Mas o monstro sentiu aquele pequeno impacto e voltou-se
contra ele, soltando um guincho que mais parecia uma promessa articulada de
retaliação imediata. E com um salto, caiu sobre ele, que foi ao chão num
escorrego, enquanto a mulher-aranha se agachava estendendo suas garras aduncas
para cravar em seu pescoço. Em meio ao desespero da situação, o bárbaro sentiu
um hálito nauseabundo emitido pela besta em mais um guincho, enquanto ele
tentou afastá-la de si com um golpe da espada. E desta vez, a lâmina surtiu
algum efeito, ainda que fosse um arranhão esbranquiçado acima dos seios dela.

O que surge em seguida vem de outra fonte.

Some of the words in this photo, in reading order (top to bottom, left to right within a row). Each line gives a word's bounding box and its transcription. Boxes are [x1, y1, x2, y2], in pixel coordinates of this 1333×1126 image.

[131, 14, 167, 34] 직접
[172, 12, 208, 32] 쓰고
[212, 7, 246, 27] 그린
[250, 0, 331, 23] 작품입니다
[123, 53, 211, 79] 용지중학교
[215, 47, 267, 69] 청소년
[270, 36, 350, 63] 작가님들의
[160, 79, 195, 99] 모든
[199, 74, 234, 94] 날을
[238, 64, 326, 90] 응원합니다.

Com isso, o monstro pareceu retroceder, guinchando com um salto para trás, e,
para a surpresa de Conan, não foi seu ato defensivo que causou aquilo, mas uma
ação por parte da guerreira da Hirkânia, que veio em seu auxílio, tentando
perfurar uma parte inferior da enorme seção traseira corpo da criatura que lhe
pareceu mais fina. O golpe de Sonja causou algum impacto desconfortante, porque
a besta virou-se para ela subitamente, torcendo o tronco para observar onde a
ruiva a havia atingido. De fato, um filete com uma secreção grossa e negra
estava saindo dali, e a ruiva deu dois passos para trás, floreando a espada.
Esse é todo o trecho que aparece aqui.